INSTRUCTIONS TO FOLLOW: Output all entries verbatim, dropping pictures.

MATERIAL TO PROCESS:
....
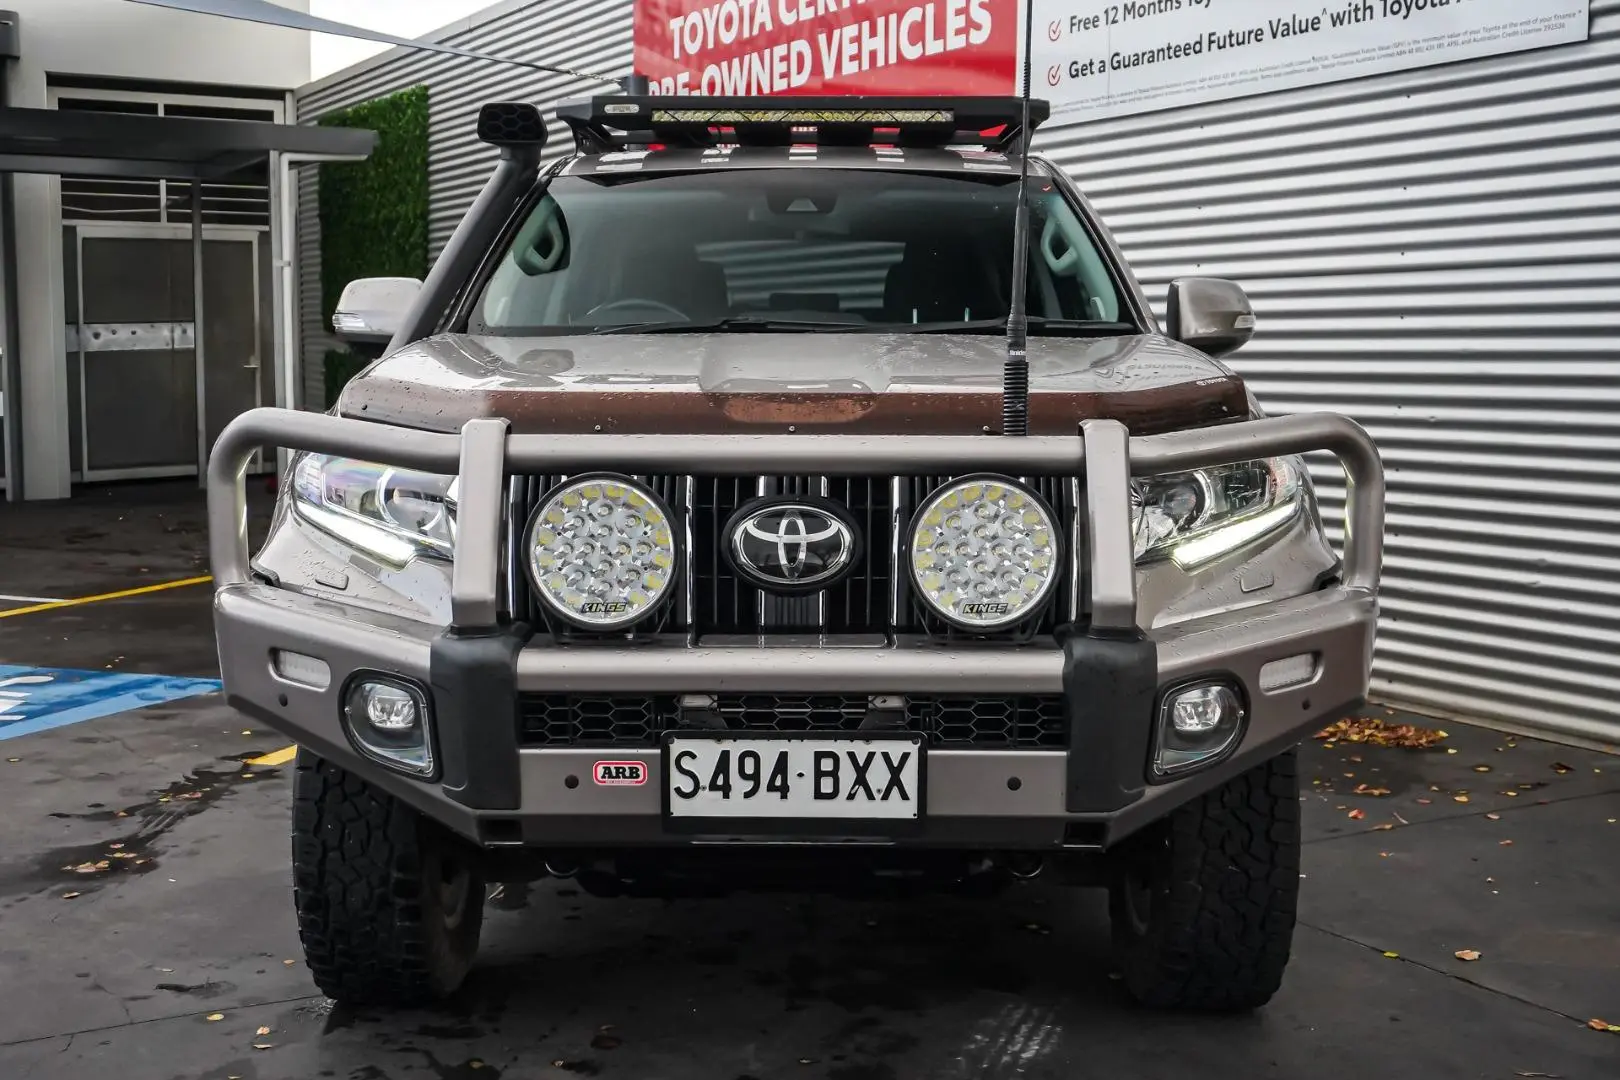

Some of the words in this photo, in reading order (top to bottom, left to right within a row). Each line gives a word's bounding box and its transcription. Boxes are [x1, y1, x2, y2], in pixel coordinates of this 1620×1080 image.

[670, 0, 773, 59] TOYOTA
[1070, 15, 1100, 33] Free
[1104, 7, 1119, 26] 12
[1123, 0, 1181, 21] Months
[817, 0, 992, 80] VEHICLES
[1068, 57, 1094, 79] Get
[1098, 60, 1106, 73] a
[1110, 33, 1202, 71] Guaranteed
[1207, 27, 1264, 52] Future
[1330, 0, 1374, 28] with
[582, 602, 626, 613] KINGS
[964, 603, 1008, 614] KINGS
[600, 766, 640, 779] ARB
....
SOLVED PROBLEM:
Some of the words in this photo, in reading order (top to bottom, left to right within a row). Each line gives a word's bounding box and its transcription. Boxes are [x1, y1, x2, y2], in pixel coordinates of this 1620×1080 image.

[670, 0, 773, 59] TOYOTA
[1070, 15, 1100, 33] Free
[1104, 7, 1119, 26] 12
[1123, 0, 1181, 21] Months
[817, 0, 992, 80] VEHICLES
[1068, 57, 1094, 79] Get
[1098, 60, 1106, 73] a
[1110, 33, 1202, 71] Guaranteed
[1207, 27, 1264, 52] Future
[1330, 0, 1374, 28] with
[582, 602, 626, 613] KINGS
[964, 603, 1008, 614] KINGS
[600, 766, 640, 779] ARB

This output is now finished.